La globalizzazione diffonde opportunità, ma genera anche una nuova forma di rischio. In Italia e in altri paesi si avvertono ancora gli effetti della crisi finanziaria causata nel 2008 dal crollo delle banche. Ciò dimostra che l’integrazione determina anche interdipendenza e quindi vulnerabilità. Pandemie, attacchi cibernetici e cambiamento climatico sono, al pari del contagio finanziario, un riflesso dei nuovi rischi che accompagnano la globalizzazione.
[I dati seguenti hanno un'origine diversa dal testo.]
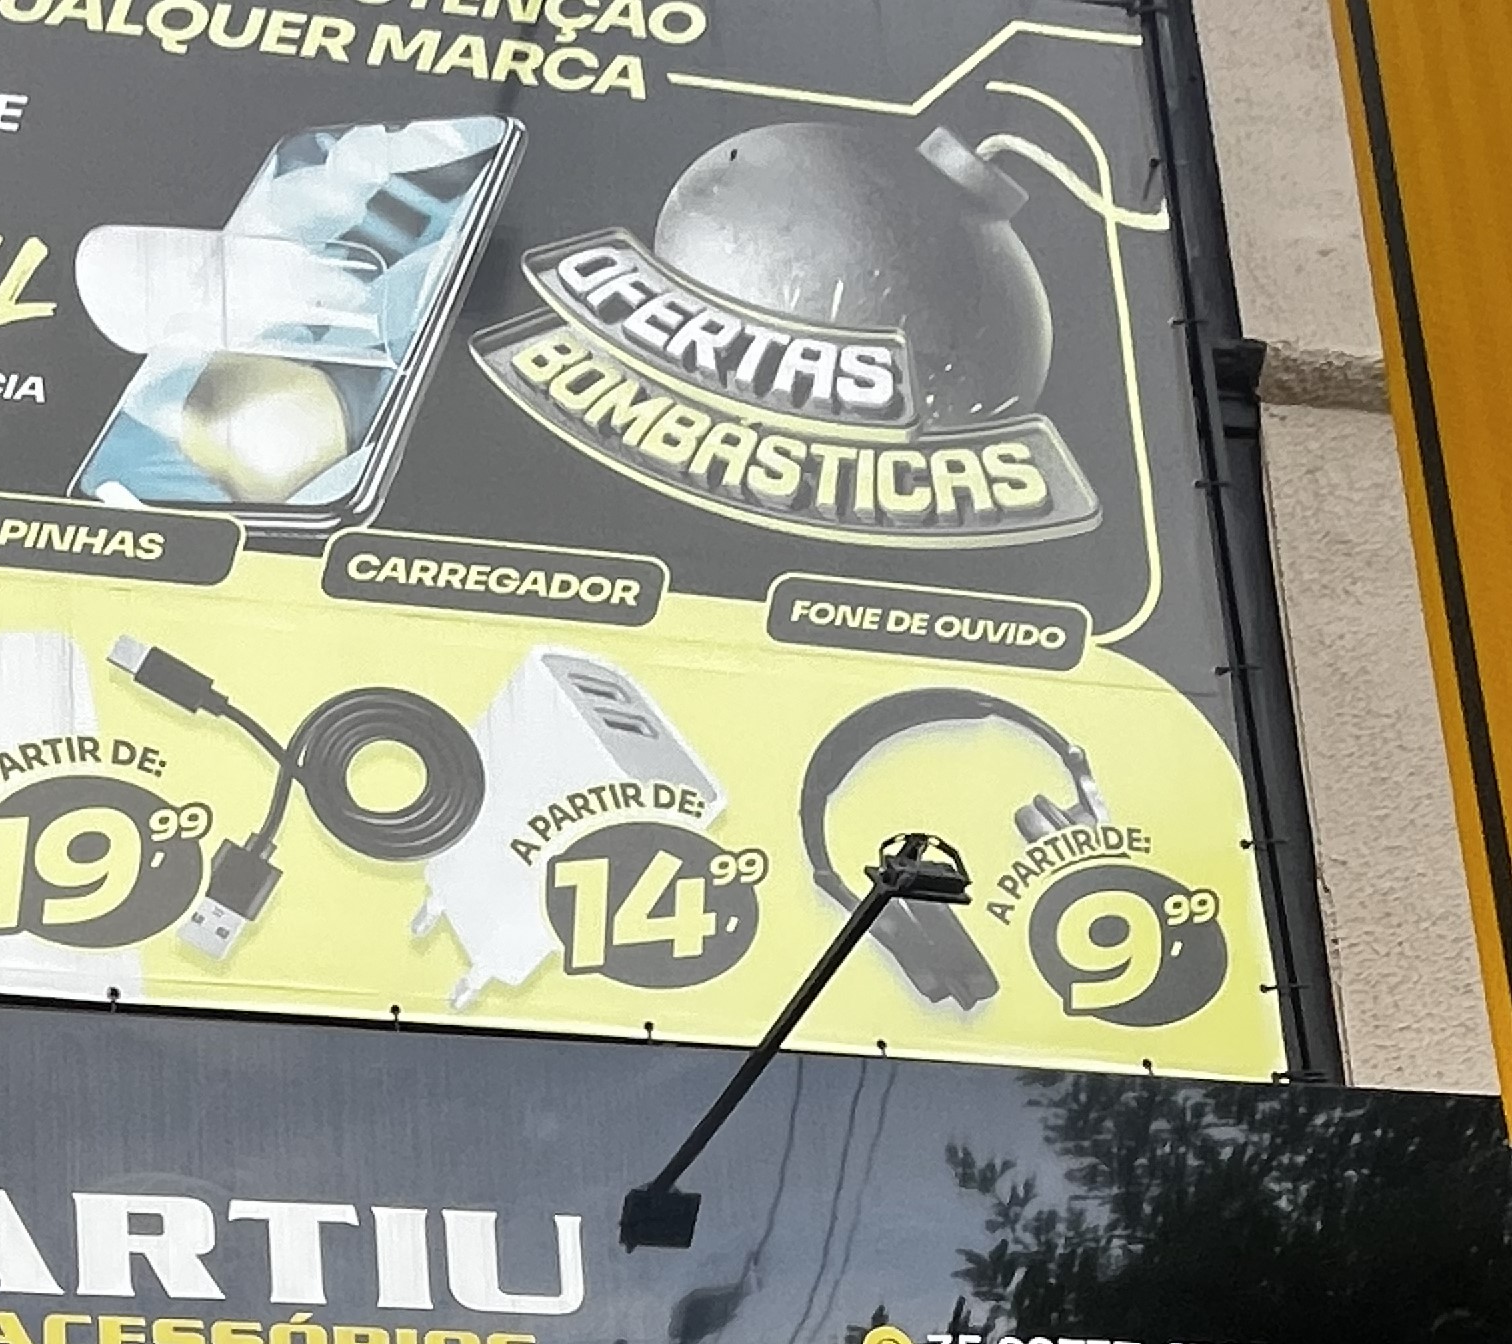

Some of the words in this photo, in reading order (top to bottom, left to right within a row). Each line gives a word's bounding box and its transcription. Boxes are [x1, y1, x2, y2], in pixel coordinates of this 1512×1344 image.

[366, 23, 647, 100] MARCA
[554, 246, 897, 408] OFERTAS
[509, 335, 1052, 524] BOMBÁSTICAS
[346, 553, 642, 607] CARREGADOR
[789, 598, 882, 634] FONE
[885, 610, 928, 637] DE
[933, 615, 1068, 650] OUVIDO
[110, 738, 168, 779] DE:
[508, 836, 541, 867] A
[533, 781, 646, 843] PARTIR
[652, 782, 707, 820] DE:
[1102, 825, 1153, 855] DE:
[997, 826, 1100, 902] PARTIR
[986, 899, 1016, 927] A
Il Rinascimento di 500 anni fa fu legato alla prima rivoluzione dell’informazione e alla prima ondata di globalizzazione. Gli stupefacenti progressi e gli inediti rischi che accompagnarono quel processo sono stati mal gestiti, e ciò ha provocato secoli di guerre di religione e di estremismi. Oggi, nel nostro secondo Rinascimento, dobbiamo capire che se non sapremo creare società più inclusive e ridurre i rischi legati ai flussi finanziari, questi supereranno di gran lunga i vantaggi. La risposta non è certo costruire muri più alti: non c’è muro tanto alto da fermare il cambiamento climatico o le pandemie. E comunque i muri alti tengono fuori le idee, le tecnologie, le opportunità economiche e le competenze di cui abbiamo bisogno per un futuro prospero e sicuro. I muri alti ostacolano la nostra capacità di collaborare, essenziale nel momento in cui tutti i rischi che incombono su di noi vanno affrontati con un insieme di interventi nazionali e di iniziative condivise. Viviamo in un’epoca di sfide nazionali e globali senza precedenti. Dobbiamo trarre il coraggio necessario dal Rinascimento, che ha ancora da offrirci insegnamenti vitali. E questo non perché la storia si ripeta, ma perché presenta echi e consonanze. Comprendere il passato può regalarci intuizioni utili ad agire nel presente.